Страсть к банку! Ни дары свободы,
Ни Феб, ни слава, ни пиры
Не отвлекли б в минувши годы
Меня от карточной игры.
Задумчивый, всю ночь до света
Бывал готов я в эти лета
Допрашивать судьбы завет:
Налево ляжет ли валет?
Уж раздавался звон обеден,
В кругу разорванных колод
Дремал усталый банкомет,
А я нахмурен, бодр и бледен,
Надежды полн, закрыв глаза,
Метал на третьего туза. [1]
Как-то заигравшись, Фёдор остался в Английском клубе с Гагариным один на один, а уже утром, подводя итог, сказал, что граф должен ему 2000 рублей.

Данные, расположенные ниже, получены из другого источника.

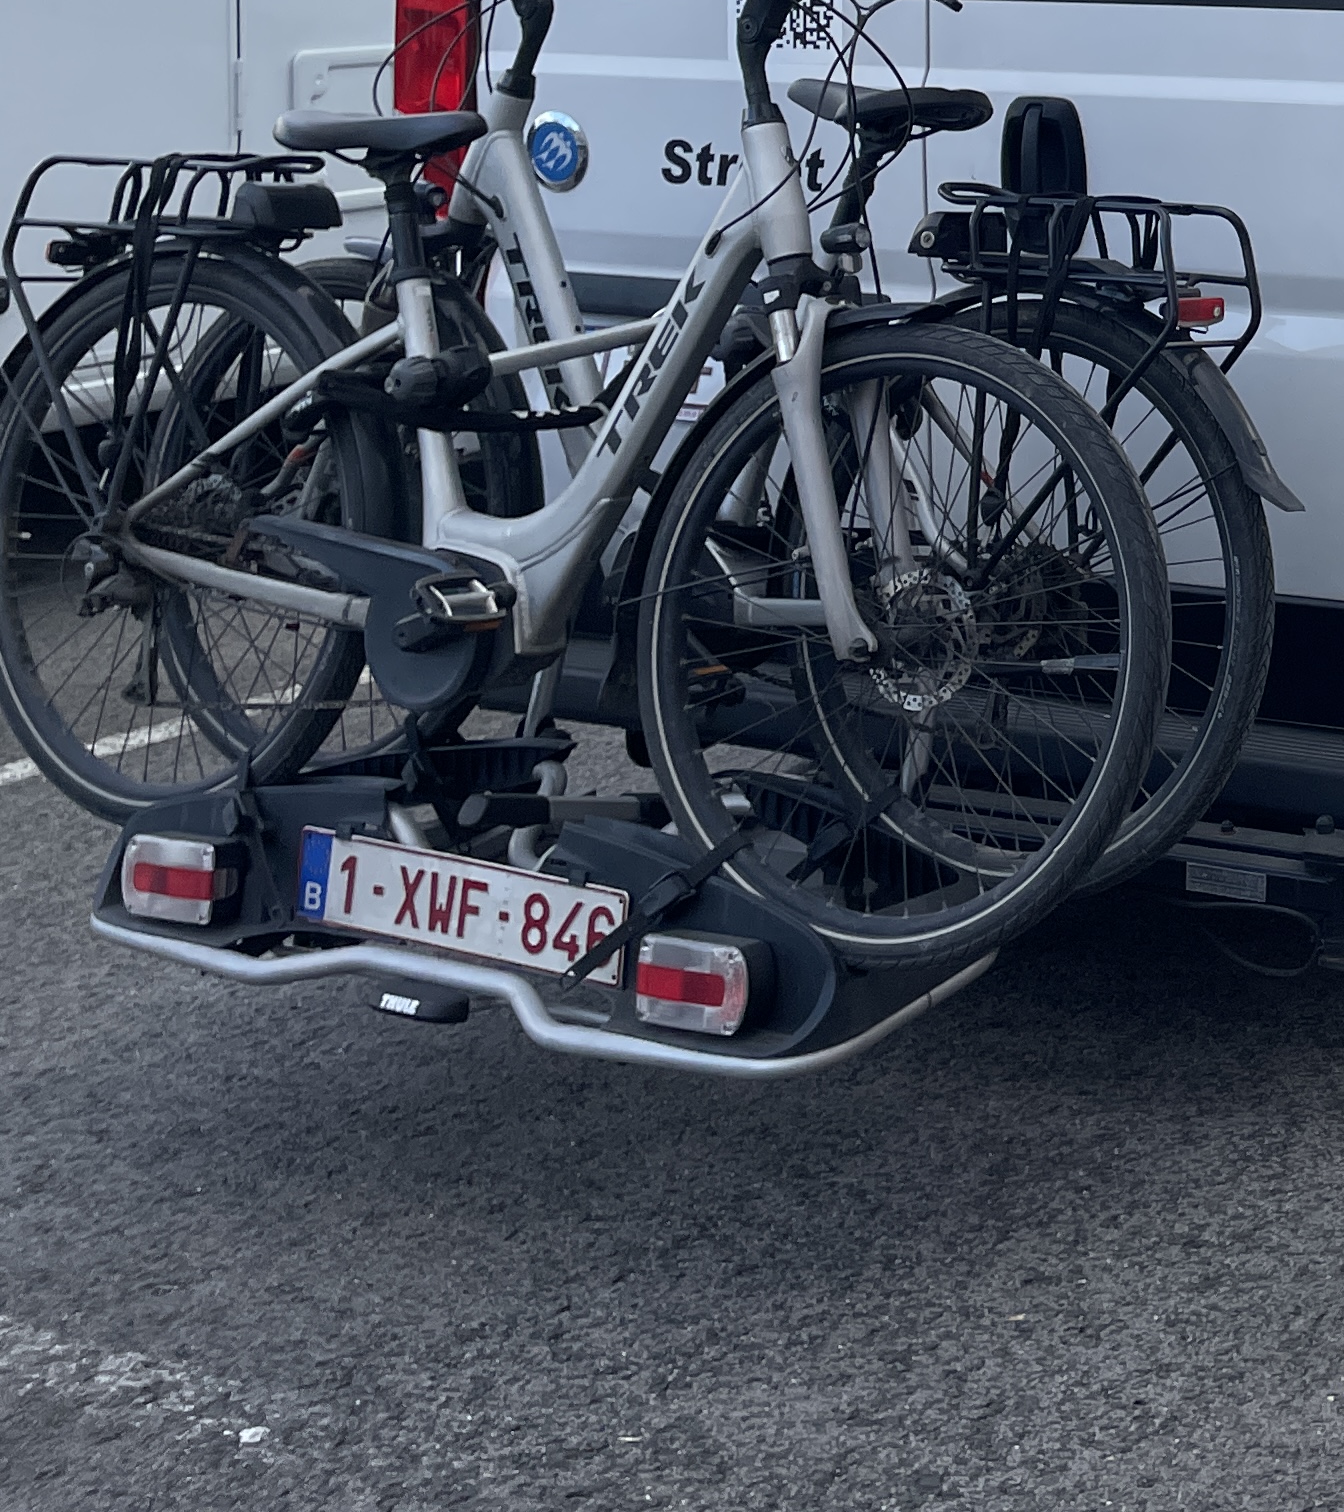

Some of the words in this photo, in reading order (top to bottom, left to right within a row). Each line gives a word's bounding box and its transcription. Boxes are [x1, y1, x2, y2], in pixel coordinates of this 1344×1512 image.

[661, 139, 825, 192] Strt
[596, 264, 706, 458] TREK
[304, 881, 322, 910] B
[380, 993, 421, 1016] THULE

– Это ложь, – возразил тот, – вы их записали, но я их не проигрывал.
– А я привык руководствоваться своей записью и сейчас докажу вам это.

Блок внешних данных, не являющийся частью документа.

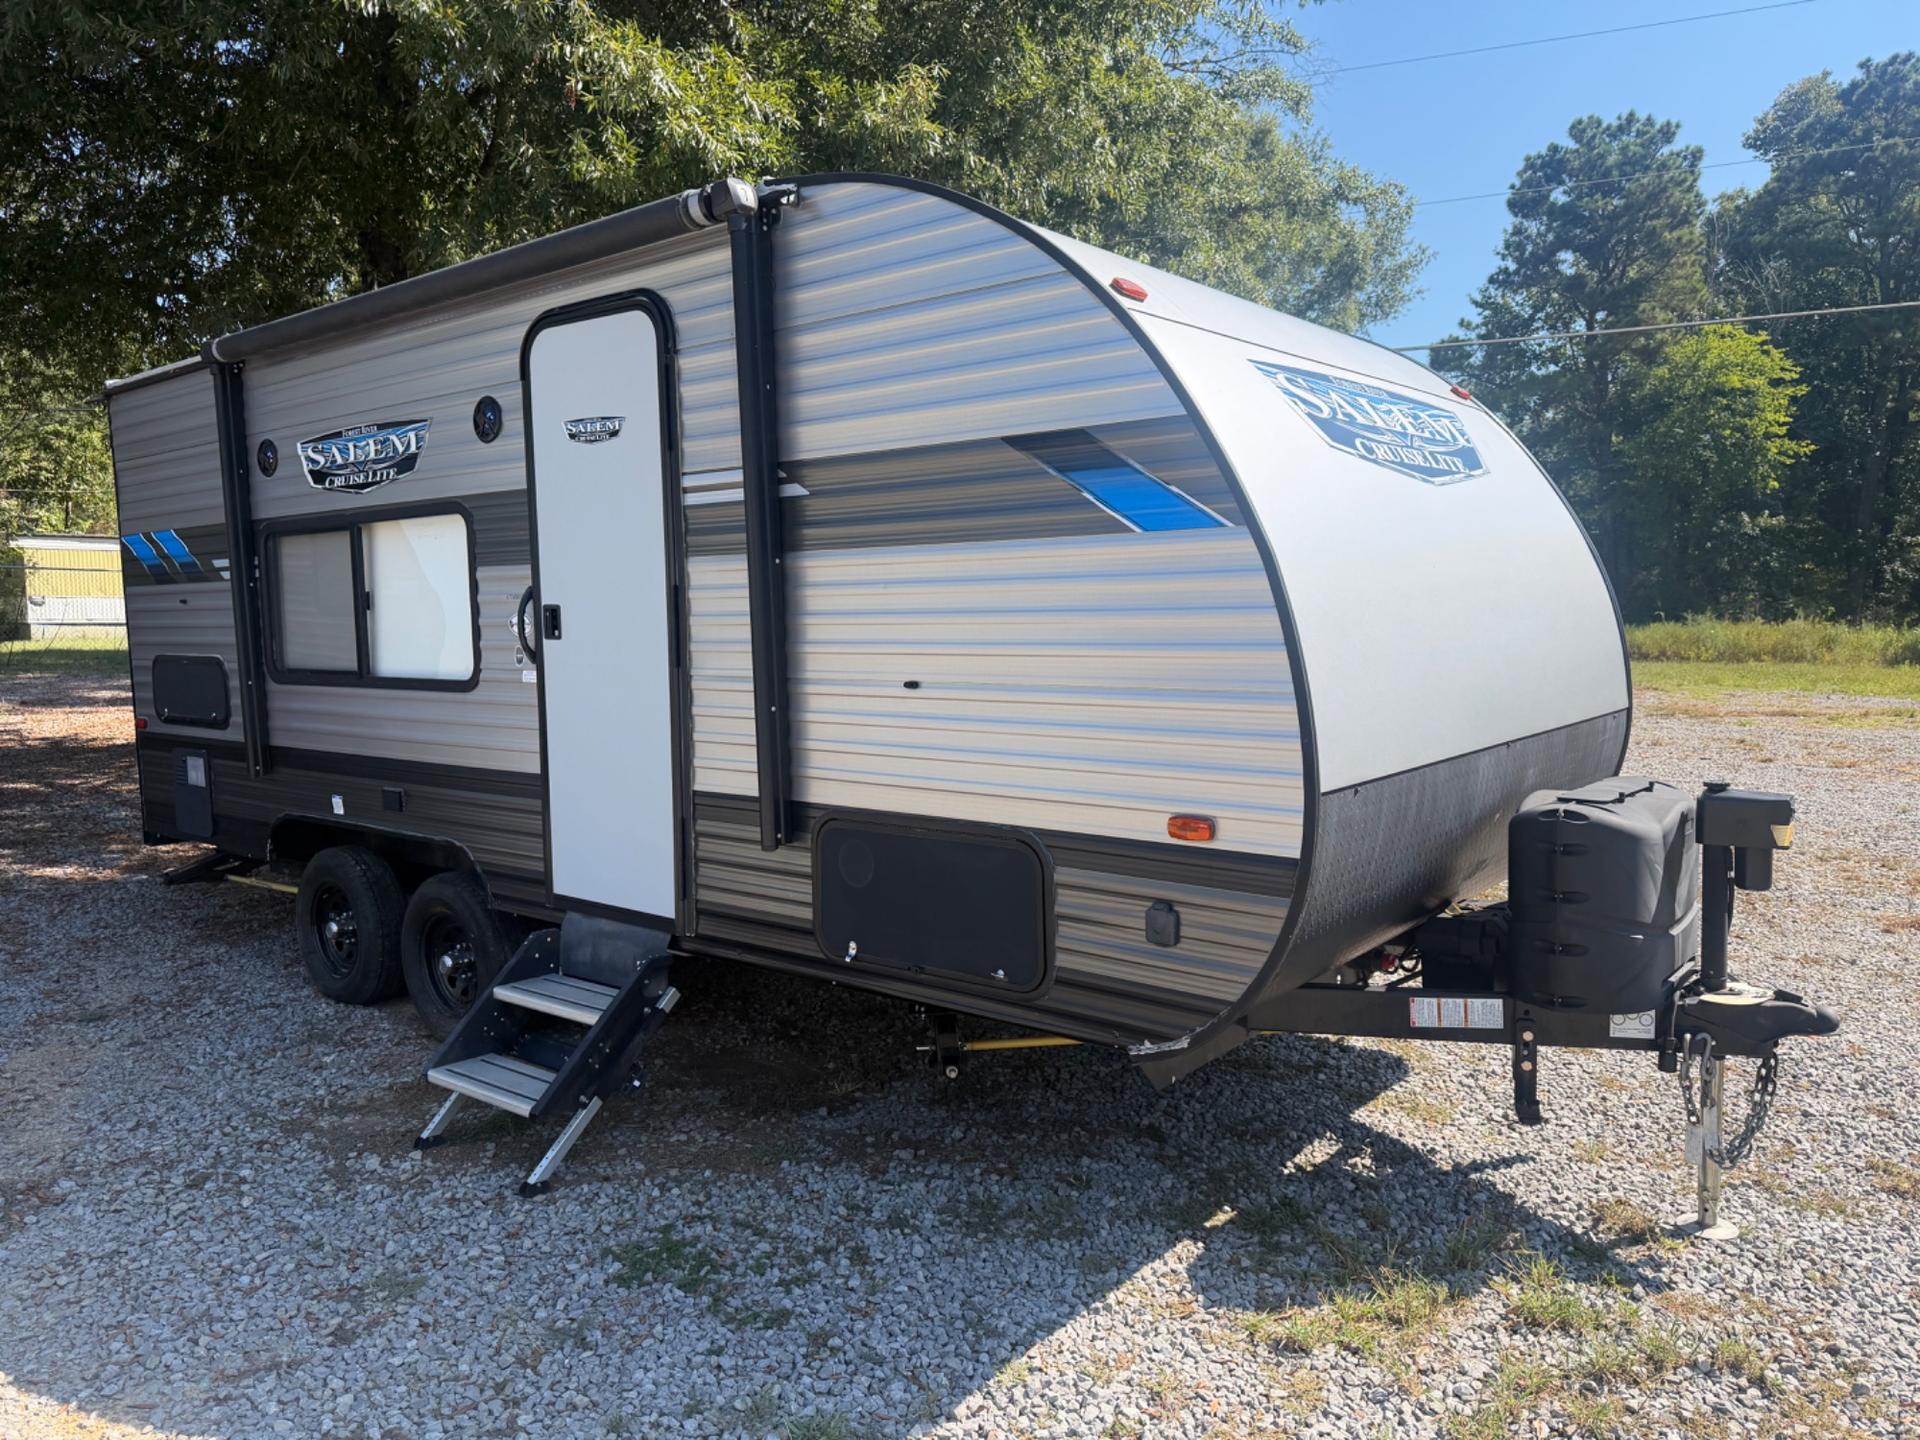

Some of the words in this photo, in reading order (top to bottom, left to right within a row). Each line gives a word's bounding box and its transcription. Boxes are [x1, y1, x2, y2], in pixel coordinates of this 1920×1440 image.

[566, 420, 620, 433] SALEM
[1275, 373, 1472, 447] SALEM
[306, 430, 419, 470] SALEM

Он встал, запер дверь и, положив на стол пистолет, сказал:
– Между прочим, эта штука заряжена, так что заплатить вам все равно придется. Даю на размышления 10 минут.

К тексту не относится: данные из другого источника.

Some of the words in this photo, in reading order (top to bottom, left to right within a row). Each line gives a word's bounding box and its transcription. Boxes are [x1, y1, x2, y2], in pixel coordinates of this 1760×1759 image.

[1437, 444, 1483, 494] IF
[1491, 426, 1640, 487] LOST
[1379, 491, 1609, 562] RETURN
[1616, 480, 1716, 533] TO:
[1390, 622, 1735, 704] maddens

Гагарин откинулся на спинку кресла, смерил Толстого презрительным взглядом, вынул из кармана часы и бумажник, положил их на стол и сказал:
– Вот все мое имущество. Часы могут стоить 500 рублей, в бумажнике 25. Только это тебе и достанется, если ты меня убьешь, а чтобы скрыть преступление ты должен будешь заплатить не одну тысячу. Будешь ты в меня стрелять после этого? Даю на размышления 10 минут.
– Молодец! – воскликнул Федор восхищенно, – ты – Человек!
С тех пор они стали неразлучны, а вскоре Гагарин даже попросил Толстого быть секундантом. Его дуэль была назначена на 11 часов утра. Но когда Гагарин заехал к Федору в условленное время, тот еще спал. Разбудив Американца, он недовольно сказал: Разве ты забыл, ведь сегодня…
– Да, этого уж не нужно, – перебил его Федор, зевая, – я твоего приятеля убил.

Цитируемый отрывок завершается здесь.